The Sommerfeld identity is a mathematical identity, due Arnold Sommerfeld, used in the theory of propagation of waves,

${\displaystyle {\frac {e^{ikR}}{R}}=\int \limits _{0}^{\infty }I_{0}(\lambda r)e^{-\mu \left|z\right|}{\frac {\lambda d\lambda }{\mu }}}$

where

${\displaystyle \mu ={\sqrt {\lambda ^{2}-k^{2}}}}$

is to be taken with positive real part, to ensure the convergence of the integral and its vanishing in the limit ${\displaystyle z\rightarrow \pm \infty }$ and

${\displaystyle R^{2}=r^{2}+z^{2}}$.

Here, ${\displaystyle R}$ is the distance from the origin while ${\displaystyle r}$ is the distance from the central axis of a cylinder as in the ${\displaystyle (r,\phi ,z)}$ cylindrical coordinate system. Here the notation for Bessel functions follows the German convention, to be consistent with the original notation used by Sommerfeld. The function ${\displaystyle I_{0}(z)}$ is the zeroth-order Bessel function of the first kind, better known by the notation ${\displaystyle I_{0}(z)=J_{0}(iz)}$ in English literature. This identity is known as the Sommerfeld identity.^[1]

In alternative notation, the Sommerfeld identity can be more easily seen as an expansion of a spherical wave in terms of cylindrically-symmetric waves:^[2]

${\displaystyle {\frac {e^{ik_{0}r}}{r}}=i\int \limits _{0}^{\infty }{dk_{\rho }{\frac {k_{\rho }}{k_{z}}}J_{0}(k_{\rho }\rho )e^{ik_{z}\left|z\right|}}}$

Where

${\displaystyle k_{z}=(k_{0}^{2}-k_{\rho }^{2})^{1/2}}$

The notation used here is different form that above: ${\displaystyle r}$ is now the distance from the origin and ${\displaystyle \rho }$ is the radial distance in a cylindrical coordinate system defined as ${\displaystyle (\rho ,\phi ,z)}$. The physical interpretation is that a spherical wave can be expanded into a summation of cylindrical waves in ${\displaystyle \rho }$ direction, multiplied by a two-sided plane wave in the ${\displaystyle z}$ direction; see the Jacobi-Anger expansion. The summation has to be taken over all the wavenumbers ${\displaystyle k_{\rho }}$.

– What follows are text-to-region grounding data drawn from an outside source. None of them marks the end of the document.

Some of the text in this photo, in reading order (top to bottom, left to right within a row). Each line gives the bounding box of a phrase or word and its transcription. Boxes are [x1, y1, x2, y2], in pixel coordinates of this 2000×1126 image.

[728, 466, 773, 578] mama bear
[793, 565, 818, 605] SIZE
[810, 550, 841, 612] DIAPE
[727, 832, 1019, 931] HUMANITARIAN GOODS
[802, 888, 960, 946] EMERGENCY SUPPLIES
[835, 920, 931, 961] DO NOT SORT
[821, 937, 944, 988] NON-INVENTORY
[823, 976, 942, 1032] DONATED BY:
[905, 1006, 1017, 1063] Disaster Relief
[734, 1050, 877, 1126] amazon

The Sommerfeld identity is closely related to the two-dimensional Fourier transform with cylindrical symmetry, i.e., the Hankel transform. It is found by transforming the spherical wave along the in-plane coordinates (${\displaystyle x}$,${\displaystyle y}$, or ${\displaystyle \rho }$, ${\displaystyle \phi }$) but not transforming along the height coordinate ${\displaystyle z}$. ^[3]